This is really about the critical importance of wording. Suggesting that a do-it-yourself approach to “self help” is most likely to be effective if the image in your mind is not of somehow getting “cured” of an “illness” or “problem,” but more akin to the way they talk in sports psychology or coaching: seeing yourself as striving for “higher performance.”
That and the idea that most self-help approaches basically work alike, regardless of the particular “illness” you are treating. While the particulars of treating depression may be different than those in treating agoraphobia, the core template or skeleton of the treatment amounts — for the most part — to the very same thing.

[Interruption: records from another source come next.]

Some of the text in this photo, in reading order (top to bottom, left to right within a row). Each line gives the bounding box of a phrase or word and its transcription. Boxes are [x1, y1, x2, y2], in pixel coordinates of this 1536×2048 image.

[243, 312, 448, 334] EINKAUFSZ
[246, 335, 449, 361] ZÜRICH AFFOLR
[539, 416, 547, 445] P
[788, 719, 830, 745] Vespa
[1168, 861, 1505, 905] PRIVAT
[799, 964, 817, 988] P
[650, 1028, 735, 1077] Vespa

I was writing a note about this blog in my other blog in Tumblr (which is sort of a place I use for quick posts on random topics, tweeting but longer), and said this:
My second realization was about the nature of self-help approaches: that basically, whatever the problem you are addressing, there is really just one main schema or approach or way to do them. If you break it down, it’s about studying and defining your problem behaviors. The first thing is learning to view your problems as caused by your “behavior” (mental as well as physical), instead of seeing them as caused by, say, the idea that your spouse is a jerk or that the universe hates you. Next is learning to take small, simple steps to chip away at that way of thinking and feeling and doing, until you gradually have a greater sense of control and well being.

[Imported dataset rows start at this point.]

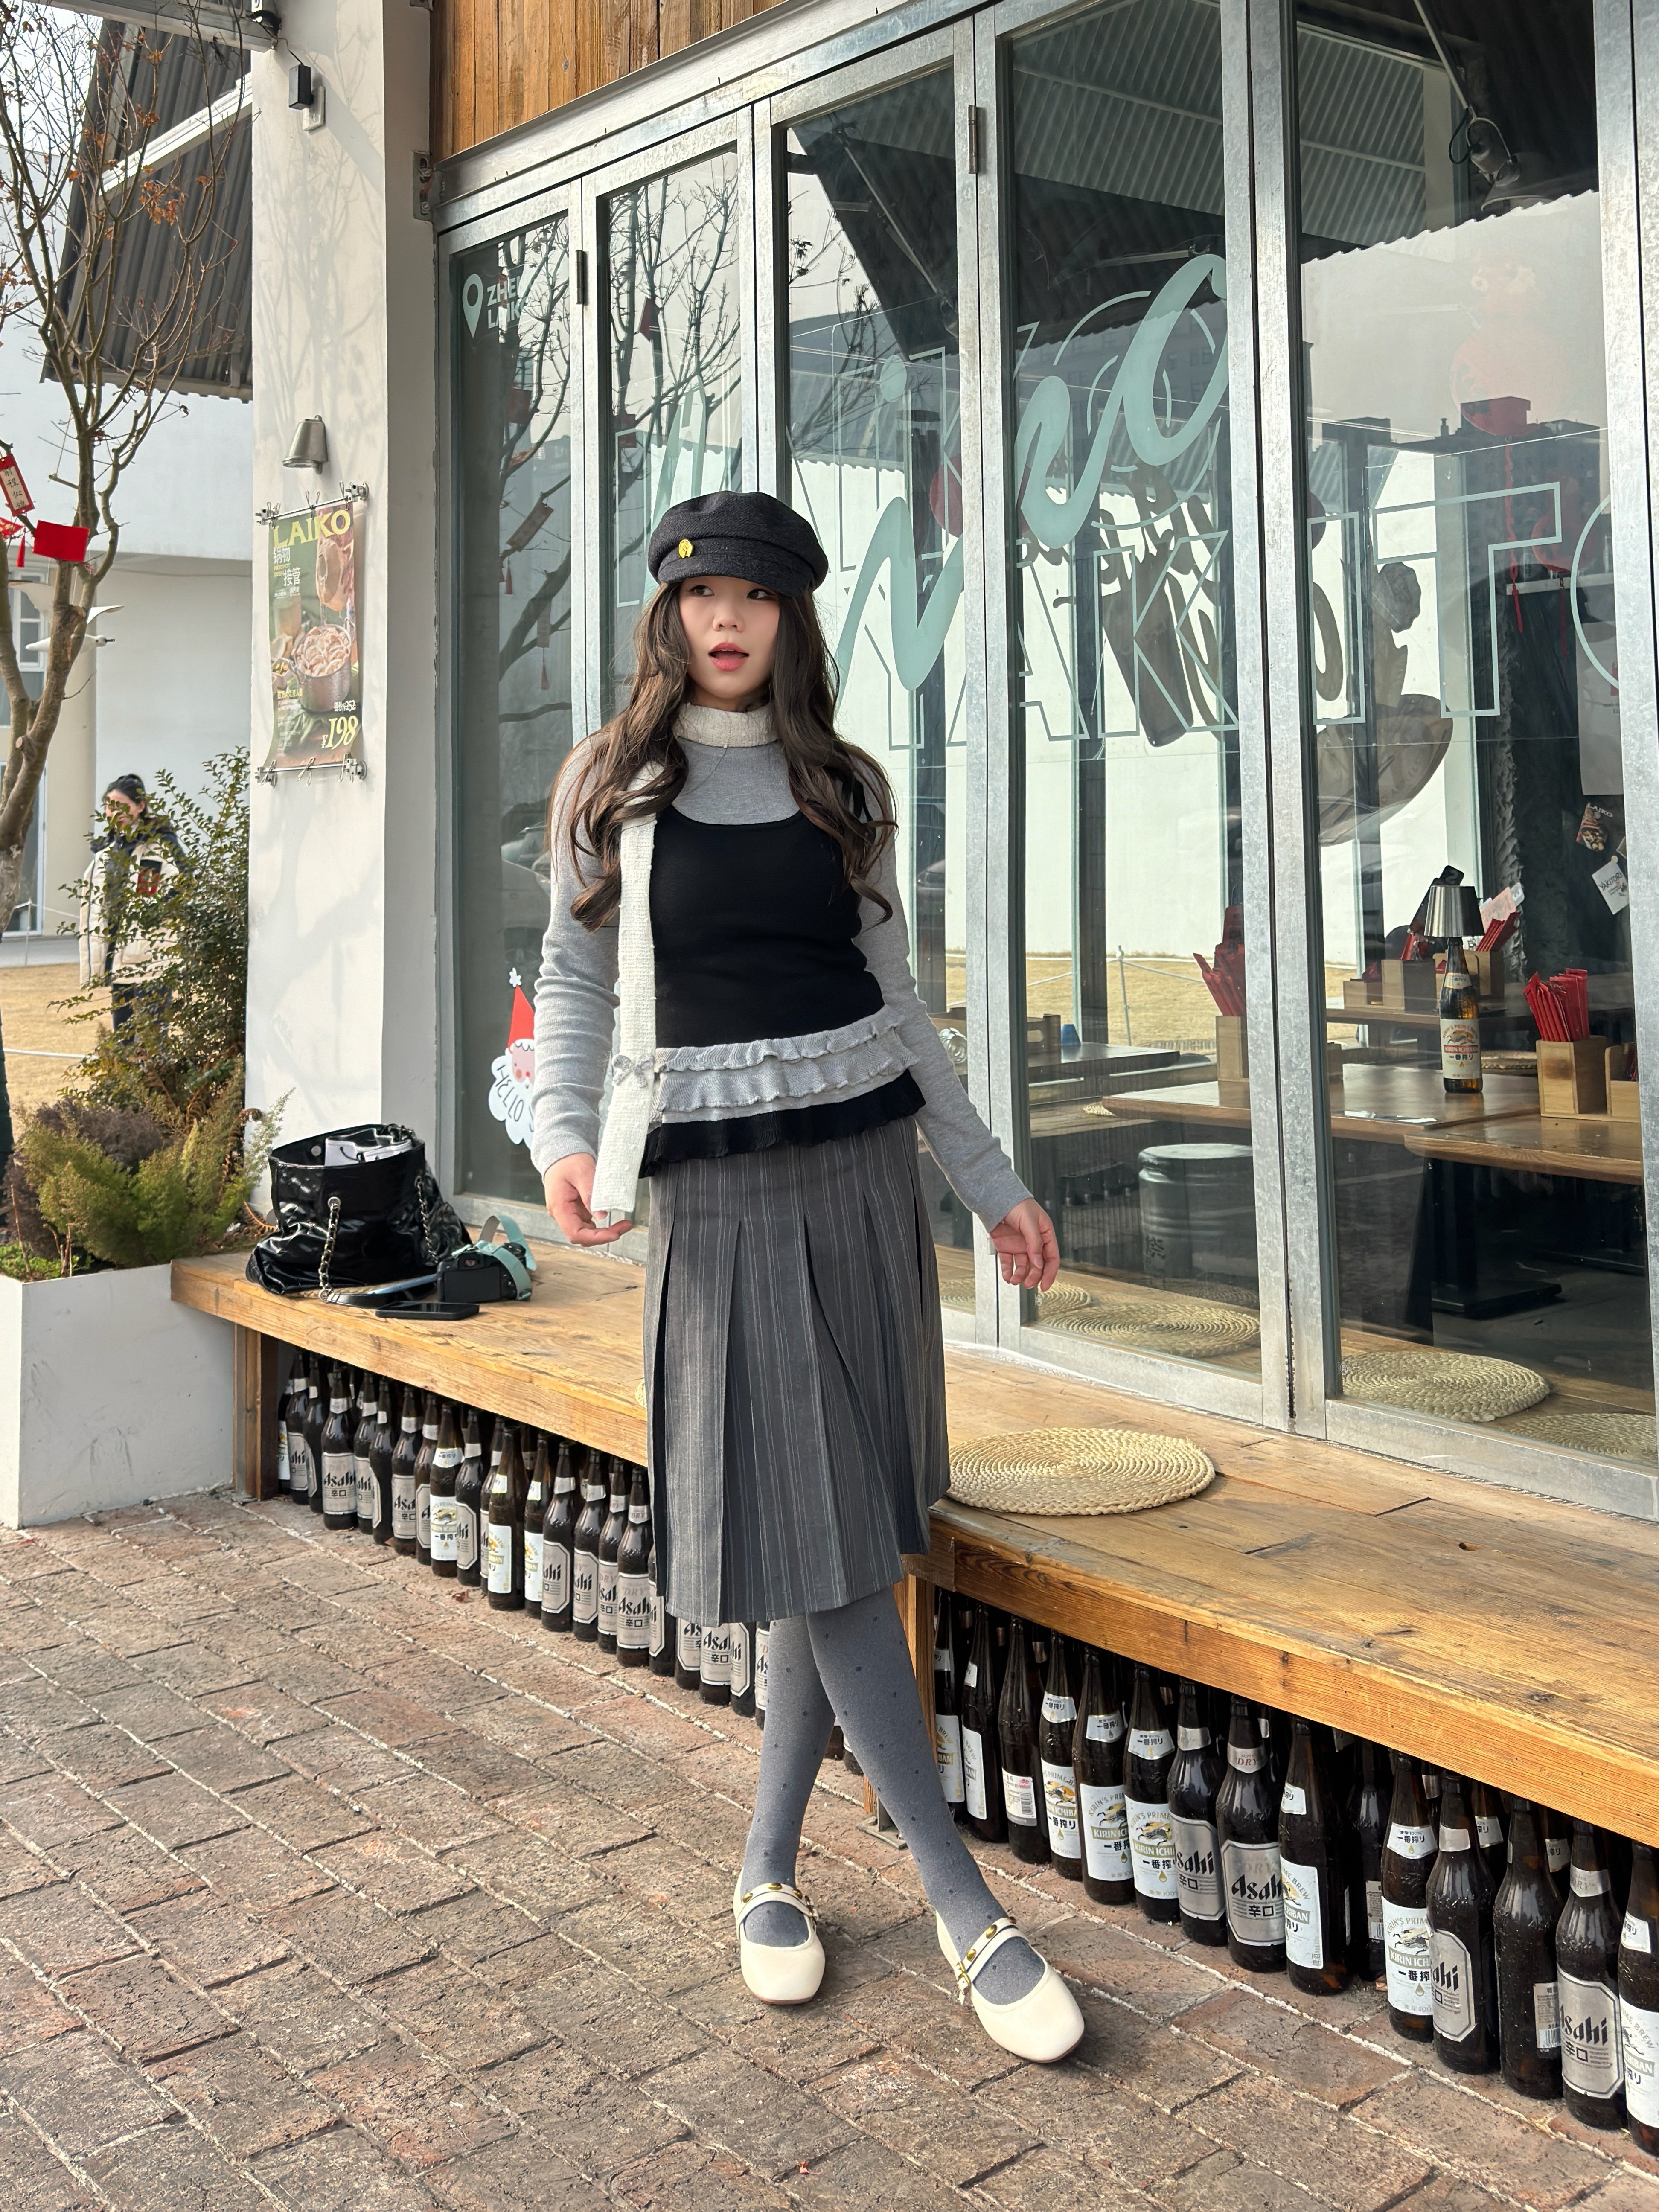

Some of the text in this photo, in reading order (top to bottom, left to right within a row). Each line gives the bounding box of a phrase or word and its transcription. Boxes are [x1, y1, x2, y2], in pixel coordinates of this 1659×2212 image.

[488, 301, 522, 329] LIK
[273, 509, 351, 548] LAIKO
[284, 567, 300, 586] 接管
[291, 1450, 305, 1465] ahi
[357, 1476, 371, 1491] ahi
[394, 1495, 416, 1510] Asa
[544, 1563, 561, 1581] ahi
[576, 1573, 592, 1591] ahi
[619, 1597, 650, 1615] Asah
[626, 1619, 643, 1627] 辛口
[704, 1631, 730, 1650] Asa
[711, 1654, 728, 1663] 辛口
[1045, 1702, 1065, 1710] 一番搾り
[1097, 1720, 1118, 1729] 一番搾り
[939, 1727, 953, 1744] BREW
[1137, 1738, 1163, 1746] 一番搾り
[1237, 1758, 1257, 1766] DRY
[1089, 1797, 1109, 1817] KIRIN'S
[1048, 1816, 1076, 1830] 一番搾り
[1094, 1829, 1117, 1838] KIRIN
[1397, 1835, 1425, 1843] 一番搾り
[1104, 1839, 1129, 1851] 一番搾
[1134, 1842, 1173, 1856] KIRIN ICHI
[1174, 1850, 1214, 1875] sahi
[1179, 1873, 1198, 1891] 辛口
[1231, 1874, 1281, 1901] Asah
[1292, 1877, 1311, 1900] BREW
[1248, 1904, 1274, 1917] 辛口
[1285, 1903, 1308, 1922] CHIBAN
[1387, 1918, 1404, 1936] KIRIN'S
[1390, 1950, 1412, 1966] KIRIN
[1398, 1970, 1429, 1981] 一番搾
[1432, 1961, 1458, 1991] ahi
[1635, 2023, 1655, 2049] BREW
[1566, 2041, 1588, 2063] 辛口

My third realization was related to something I was recently discussing with my own physician: that most medical care, I think, starts off from a wrong premise. Instead of seeing health and wellness as flowing from a very active, vigorous mindset and lifestyle (like Teddy Roosevelt’s “strenuous life,” say), our culture reinforces a model, drummed into us at every medical visit, that yeah, while you’re supposed to be “living healthier,” basically you get buried in pills until you die. The assumption is that medicine is a sort of slow hospice death, with gradual deterioration as pills are applied. Versus the model I have come to see as much more helpful: a self-directed striving toward “higher performance”, as they put it in the coaching or sports psychology fields.
So I wanted to do a blog that integrates self-help and high-performance notions, that you can apply to phobias or depression or improving your social intelligence or career productivity or running time. To show that the basic tools are the same, that psychological self-care is really a set of common techniques much like a “swiss army knife of the mind.” Not always, sure, but that’s the general idea. And it’s the general idea of the blog.
Of course one’s mileage will vary depending on the problem, their skill at problem-solving, and so on. And sometimes you really do need the meds, the shrinks, the “whole catastrophe,” as Zorba said. But basically, I think we can cover a lot of self-help topics in a simple, 80-20 approach (more on that later, in the blog), with just one blog. Sort of, the “last self-help blog you’ll ever need.”